According to you, what kind of message should be put out by brands considering the sensitive time?
Today there already is a problem of information overload. Especially in the digital world, when all this is happening, perceptions of consumers can go a long way in determining the applicability of that message.
Brands should avoid talking about their products and coronavirus together, or should know when to draw a line. While a hand sanitizer can surely be a preventive method against the virus, I don’t understand why brands are talking about the effectiveness of their own soaps to combat the virus, which is contrary to our previous information that all regular soaps are effective against the virus.
Steps like these should be avoided in sensitive times. While we understand that coronavirus has become a tangible differentiator, any soap or any mask will work if it is used in the right manner. This is where marketeers need to draw a line and avoid milking this corona bandwagon to re-position their brands.
How are consumer behaviors and consumption patterns changing in this state of lockdown?

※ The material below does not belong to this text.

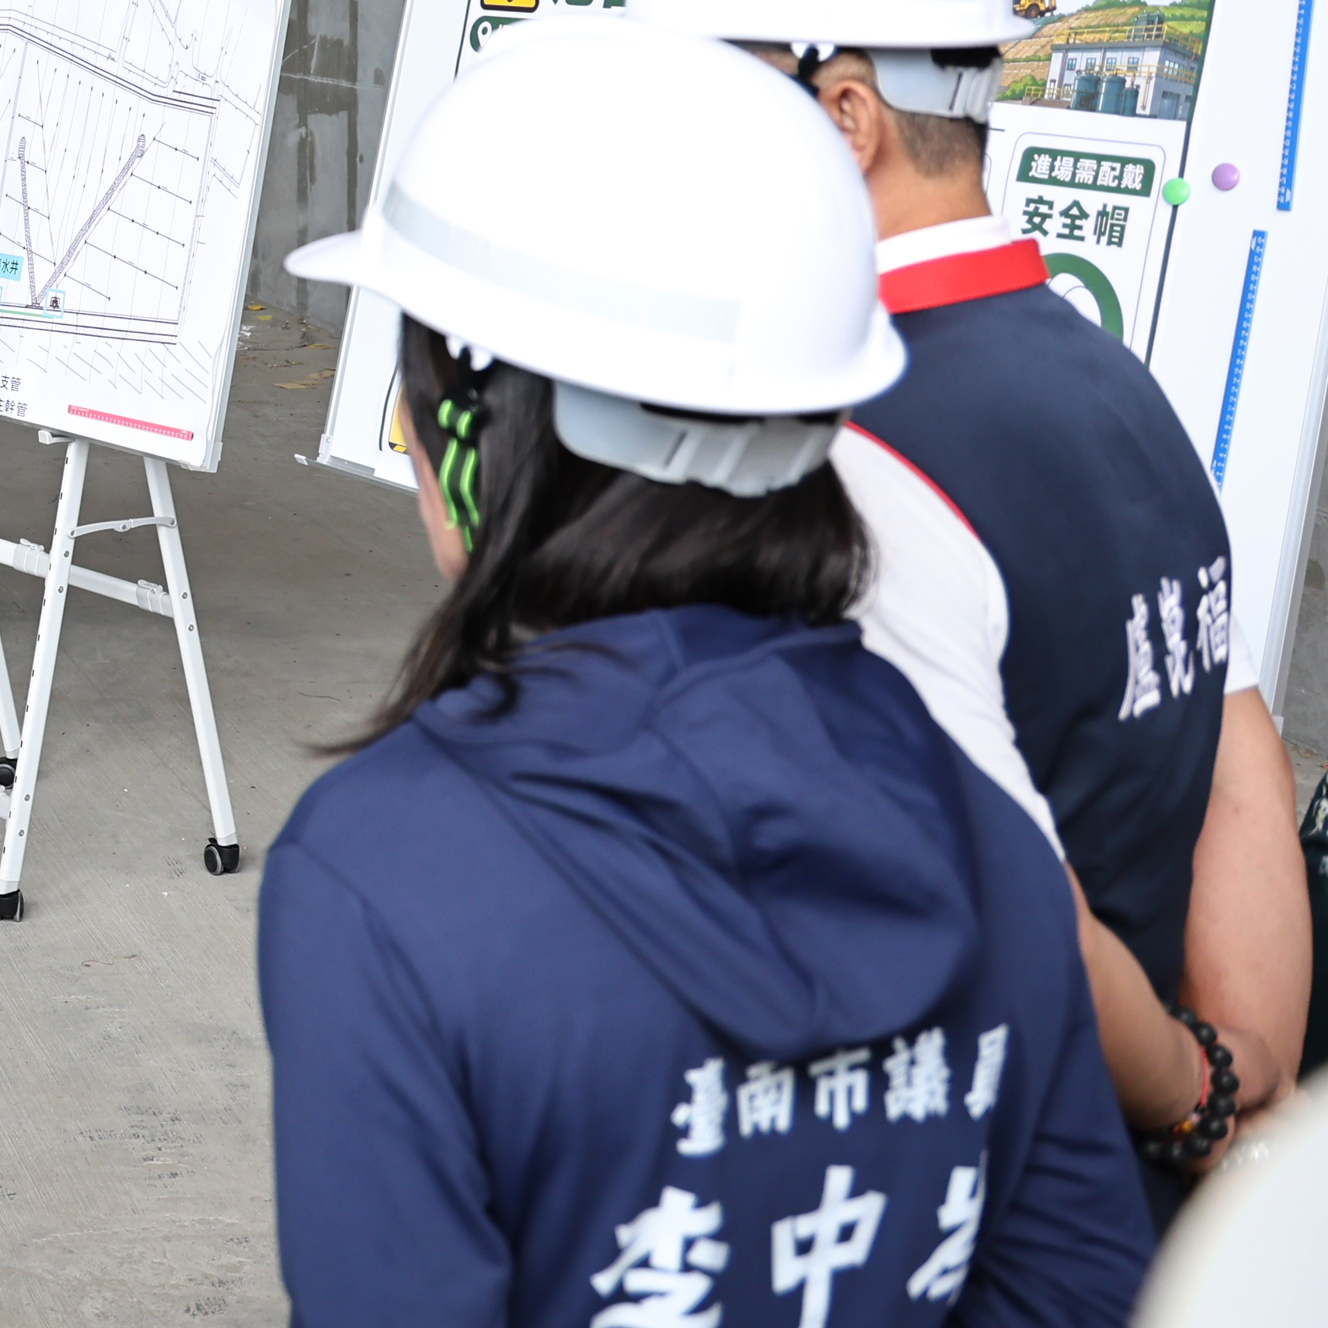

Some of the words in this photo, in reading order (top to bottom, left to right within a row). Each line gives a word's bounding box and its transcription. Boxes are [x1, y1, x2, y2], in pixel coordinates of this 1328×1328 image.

[1028, 154, 1144, 191] 進場需配戴
[1021, 195, 1130, 249] 安全帽
[0, 375, 22, 392] 支管

Habits are surely changing, from day to day activities like reading a newspaper with our morning tea has now changed to consuming news online or via television. People listened to the radio while commuting to work, the peak hours for radio channels, have plummeted in this lockdown. This has forced radio channels to go digital to retain its audiences.
Outdoor mediums are taken over by the Government of India and the revenue has been impacted in that space as well.
However, television is still impacted and the consumption patterns of the population are changing, be it for short-term or long-term. There is definitely a heavy diversion of traffic towards digital mediums. From cult classics to YouTube films to regional hits, everything is being consumed digitally.
This is where adversity has evolved us and thrown an adaptable opportunity at us.
What is interesting to witness is that this lockdown has turned people into content creators on all digital platforms. People give more time to their hobbies and talents and this has given new content creators a platform of their own. We may also see some of them wanting to take it up professionally as well in the future.
As for other conventional marketeers they are re-evaluating their digital plans, social media strategies and companies are looking at how they can keep their businesses running, often termed as business continuity planning. Businesses are trying to plan ahead in case the lockdown remains stringent for longer than we expect and trying their best to make the most of it.
What according to you would be beneficial for the studio and production industry when it comes to the adage – ‘the show must go on’? What steps need to be taken?
Brands that have always aimed to increase loyalty amongst the consumers, they are in a deep dilemma now because many consumers have temporarily retired from using those brands and this is not something that can be easily restored to normalcy.
Our preferences, our taste, our thoughts, all have evolved & altered amidst the pandemic. So, while the show must go on, it has to go on in a careful and planned manner.
3 things that the COVID-19 situation taught you in terms of marketing, advertising, and production?
Well, the answer lies in the question itself. If you pick the syllables M, A, and P from the three words and shuffle them then you can arrive at the thought process of Planning, Attuning and Monitoring.
- Planning for the short-term as well as the long-term risks and formulating strategies on the basis of this assessment.
- Attuning all stakeholders to the current scenario and keeping them well aware of the dynamics of the situation so as to deliver them the value for the money that they are spending.
- Lastly, monitoring, the evolving nature of the situation & simultaneously making the changes in the strategies, plans, outcomes and making adjustments accordingly.